Un agricoltore porta la pietra di confine al trattore e rende il Belgio il più grande del Belgio

Il confine tra Francia e Belgio Si pensa che un agricoltore l’abbia inavvertitamente ridisegnata poiché ha trovato una pietra di confine di 200 anni che indicava il divario in una posizione scomoda per il suo trattore.

Un contadino francese potrebbe teoricamente affrontare accuse penali dopo aver ingrandito il Belgio spostando la pietra che segnava la frontiera dalla sconfitta di Napoleone nella battaglia di Waterloo.

Uno storico dilettante locale che camminava nei boschi vicino al villaggio belga di Erquelinnes ha scoperto due settimane fa che la pietra risalente al 1819 era stata spostata a 2,29 metri (7,5 piedi) di distanza. Anche la recinzione che circonda le piantagioni è stata modificata.

Il confine franco-belga, che si estende per 390 miglia (620 km), è stato formalmente stabilito dal Trattato di Kortrijk del 1820.

Pur godendosi l’espansione della sua città, David Laveau, sindaco di Erquelinnes, ha gentilmente indicato che l’agricoltore era legalmente obbligato a restituire la pietra di confine – e che sarebbe stato meglio non “provocare un incidente diplomatico”.

“Non abbiamo alcun interesse ad espandere la città o il paese. Rendi il Belgio più grande e Francia il più piccolo. Non è una buona idea, ha detto Laveau al canale televisivo francese TF1. “Ero felice, la mia città era più grande, ma il sindaco di Bossini Sur Roque non era d’accordo.

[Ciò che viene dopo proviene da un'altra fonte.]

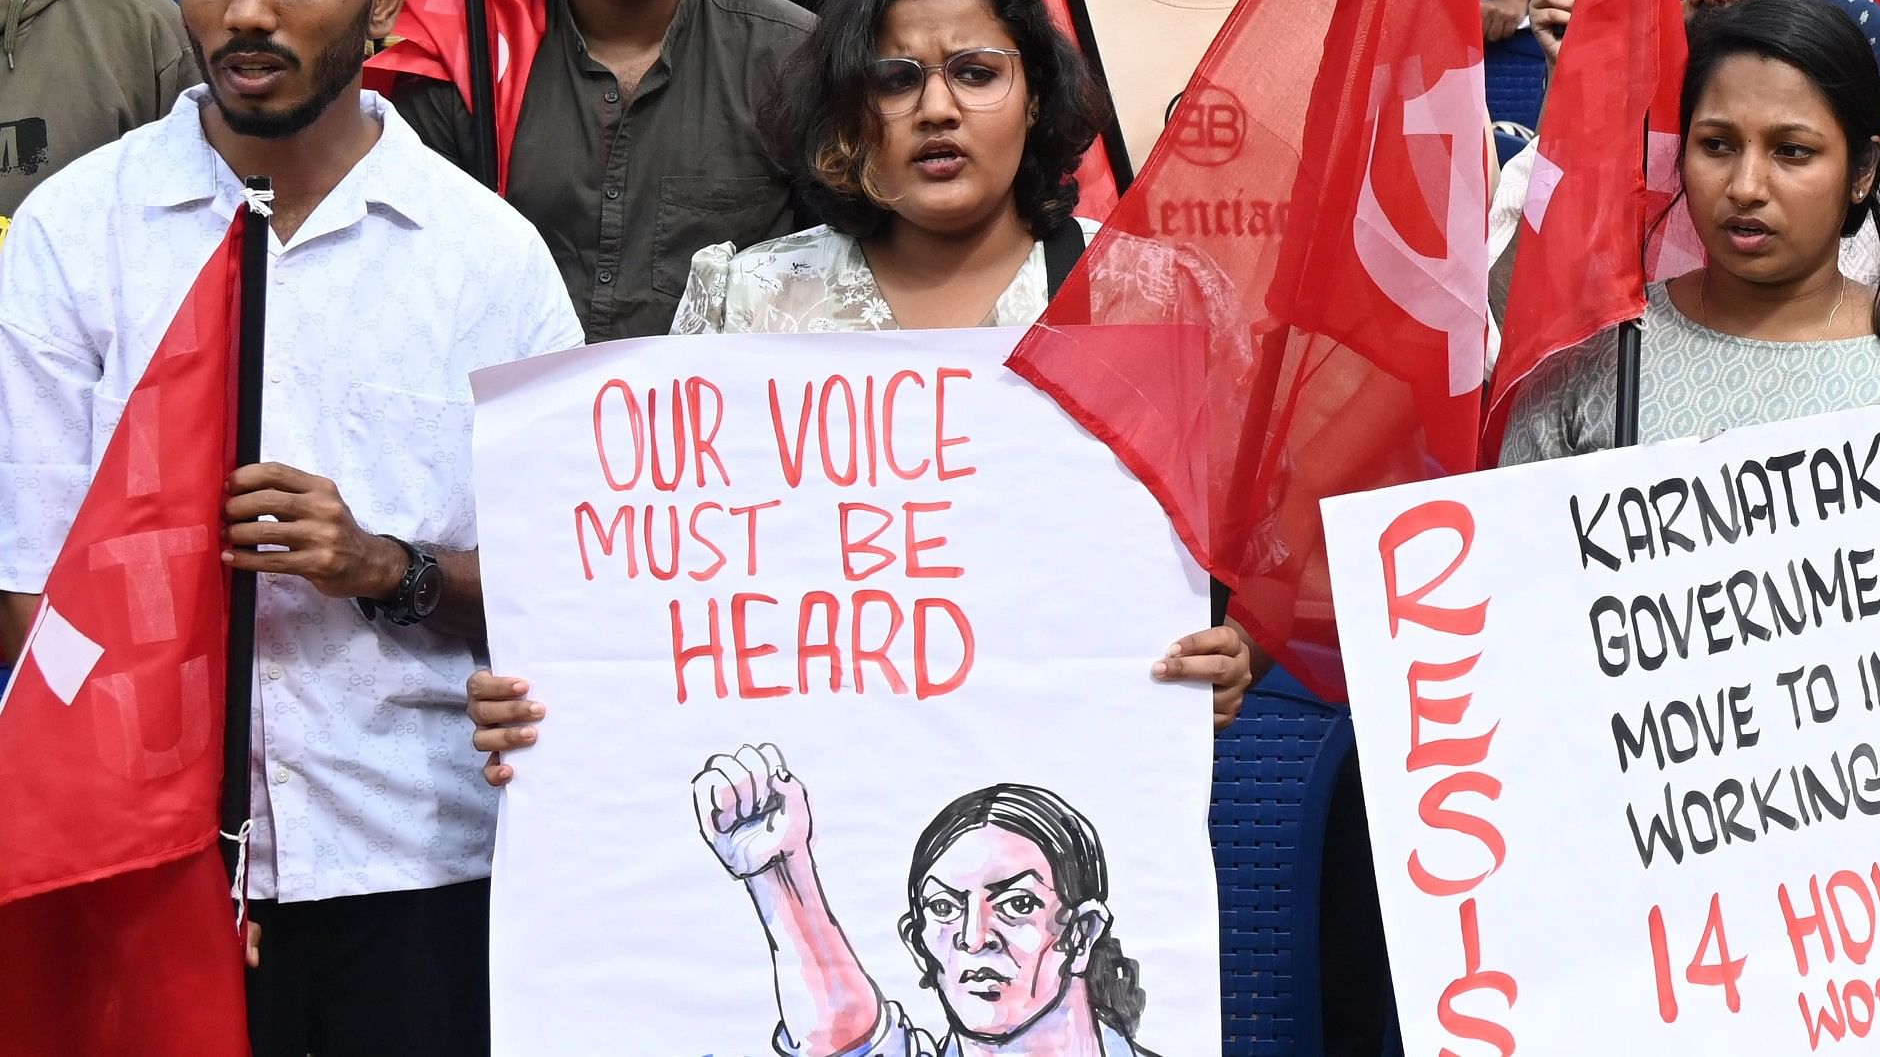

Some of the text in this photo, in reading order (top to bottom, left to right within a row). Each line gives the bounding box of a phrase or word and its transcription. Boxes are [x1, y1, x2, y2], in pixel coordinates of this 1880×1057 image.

[593, 367, 977, 492] OUR VOICE
[574, 498, 965, 582] MUST BE
[670, 590, 977, 705] HEARD
[1610, 682, 1761, 777] MOVE
[1776, 663, 1840, 731] TO
[1647, 889, 1749, 1024] 14
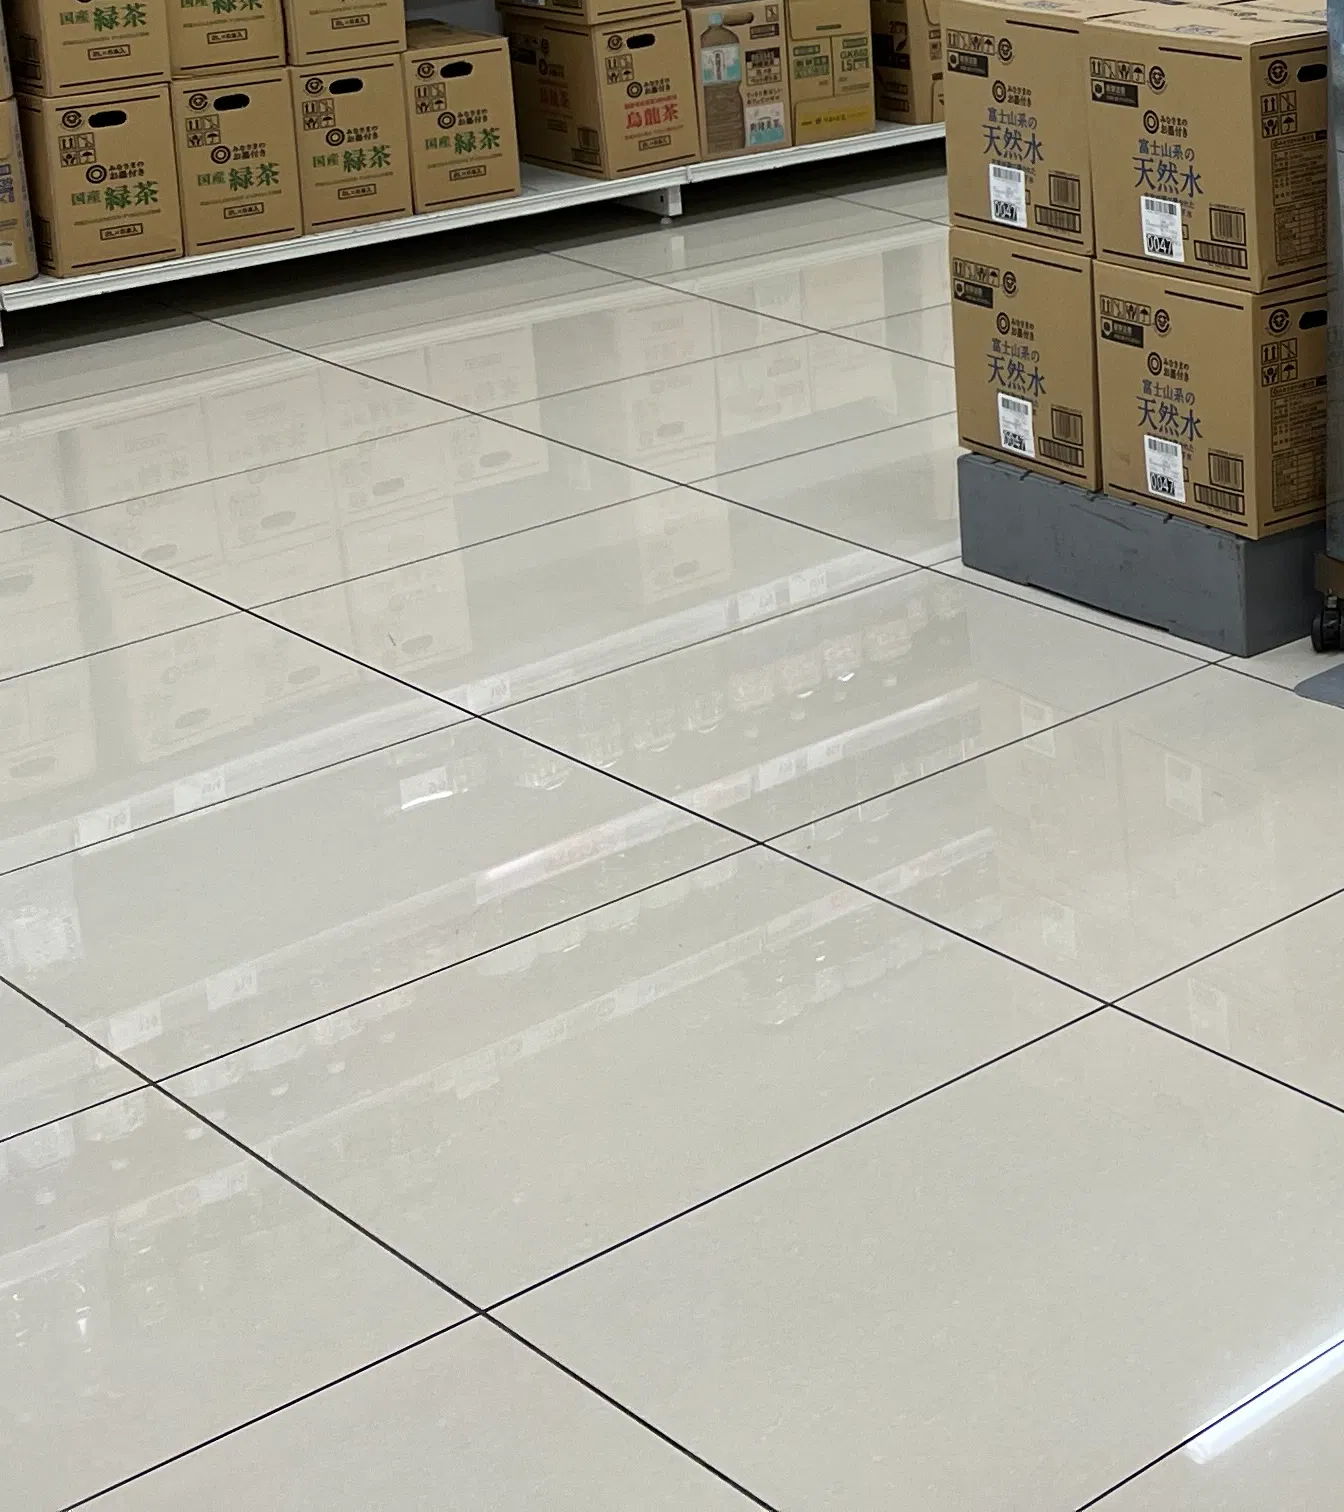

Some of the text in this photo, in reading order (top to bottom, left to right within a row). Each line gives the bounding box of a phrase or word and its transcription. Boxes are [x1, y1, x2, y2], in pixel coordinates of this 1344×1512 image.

[982, 124, 1044, 164] 天然水
[1132, 157, 1204, 198] 天然水
[986, 354, 1047, 397] 天然水
[1136, 396, 1203, 442] 天然水
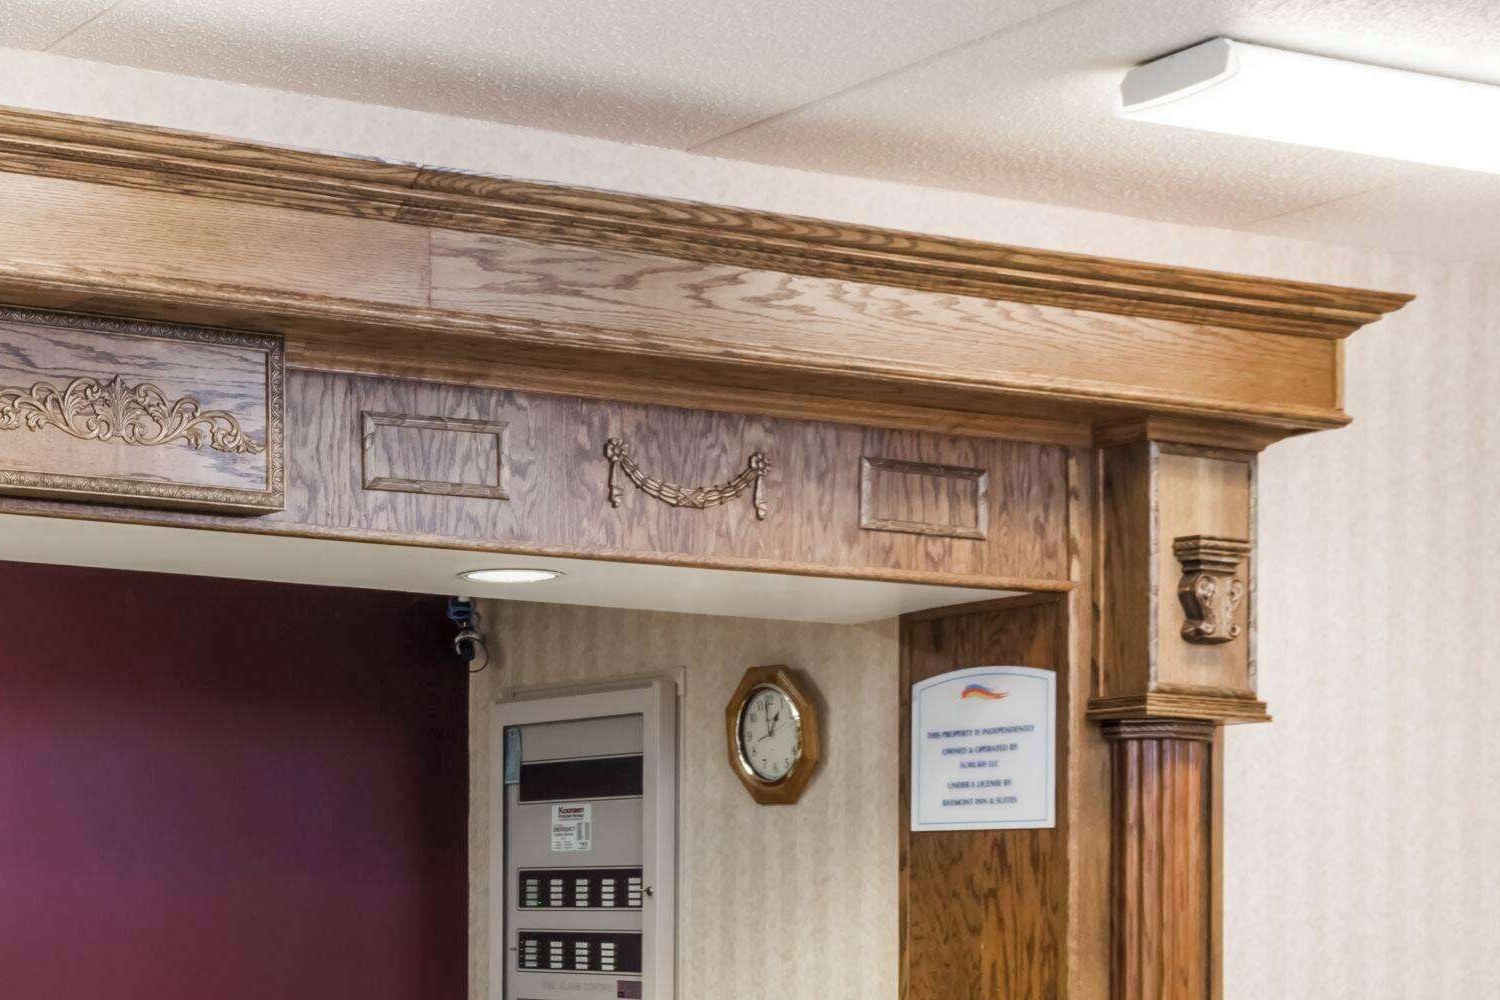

“Se [the farmer] Mostra buona volontà, non avrà problemi e risolveremo il caso amichevolmente “, ha aggiunto Laveau con un sorriso.

Se l’agricoltore non si conforma, il caso può essere deferito al Ministero degli Affari Esteri belga, che potrebbe dover convocare la Commissione di confine franco-belga, inattiva dal 1930, per regolare l’esatta delimitazione del confine.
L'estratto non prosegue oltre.